Bug 26432

Summary: 2.6.36 regression: reboot after poweroff - HP6930p
Product: ACPI Reporter: drago01
Component: Power-OffAssignee: Zhang Rui (rui.zhang)
Status: CLOSED CODE_FIX    
Severity: normal CC: aaron.lu, alan, lenb, rjw, rui.zhang
Priority: P1    
Hardware: All   
OS: Linux   
Kernel Version: 3.1.9 Subsystem:
Regression: Yes Bisected commit-id:
Bug Depends on:    
Bug Blocks: 16055    
Attachments: dmidecode
lspci -vvvv
dmesg on 2.6.37
/proc/acpi/wakeup running 2.6.35
/proc/acpi/wakeup running 2.6.37
acpidump output
/proc/acpi/wakeup running 3.8.5
debug patch to check who installs gpe handler

Description drago01 2011-01-09 20:45:26 UTC
Poweroff works fine on my laptop (hp6930p) with 2.6.34/35 but broke with .36/7 . When using one of those kernels it powers off and boots immediately afterwards (i.e same as a reboot). When googling I found an older report: http://marc.info/?l=linux-kernel&m=127012918316305&w=4 which describes a similar issue but with an older kernel.

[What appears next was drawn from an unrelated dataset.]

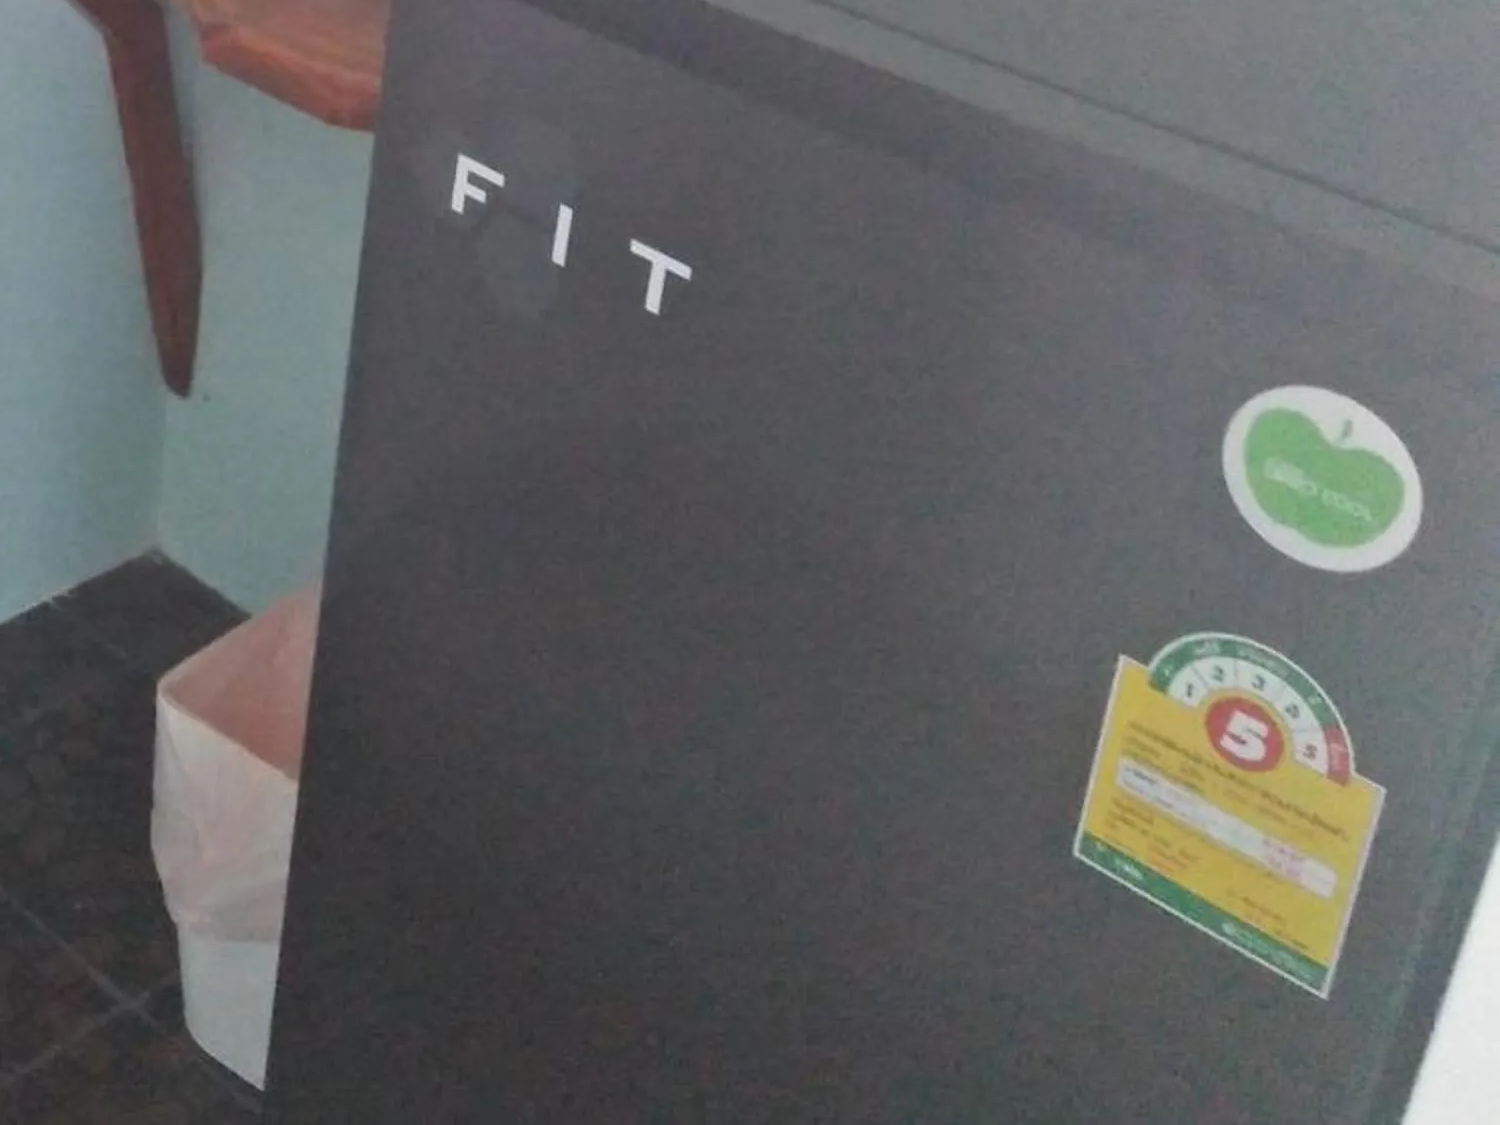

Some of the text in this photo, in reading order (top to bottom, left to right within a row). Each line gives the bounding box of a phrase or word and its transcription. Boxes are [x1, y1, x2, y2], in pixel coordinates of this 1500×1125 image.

[1211, 664, 1225, 682] 2
[1251, 674, 1266, 691] 3
[1220, 709, 1269, 762] 5

I have talked with Matthew Garrett on IRC and he said that it probably is a GPE related issue.
Comment 1 drago01 2011-01-09 20:45:57 UTC
Created attachment 43012 [details]
dmidecode
Comment 2 drago01 2011-01-09 20:46:19 UTC
Created attachment 43022 [details]
lspci -vvvv
Comment 3 Len Brown 2011-01-10 20:39:27 UTC
*** Bug 26422 has been marked as a duplicate of this bug. ***
Comment 4 drago01 2011-01-10 20:42:37 UTC
(In reply to comment #3)
> *** Bug 26422 has been marked as a duplicate of this bug. ***

Ugh ... sorry for the double filling after submitting the first one I got a white page (and no mail) so I was not sure whether the bug was actually filled.
Comment 5 Len Brown 2011-01-18 06:32:40 UTC
still an issue with 2.6.37?

can you bisect which commit broke poweroff between 2.6.35 and 2.6.36?
Comment 6 Ozan Caglayan 2011-01-18 06:33:01 UTC
Created attachment 43942 [details]
dmesg on 2.6.37

This also happens on a Sony VAIO SR29VN. The last working release was 2.6.36_rc7 according to the complaining user. The first broken was 2.6.36. 2.6.37 still has the issue. dmesg is attached.
Comment 7 drago01 2011-01-18 08:28:00 UTC
(In reply to comment #6)
> Created an attachment (id=43942) [details]
> dmesg on 2.6.37
> 
> This also happens on a Sony VAIO SR29VN. The last working release was
> 2.6.36_rc7 according to the complaining user. The first broken was 2.6.36.
> 2.6.37 still has the issue. dmesg is attached.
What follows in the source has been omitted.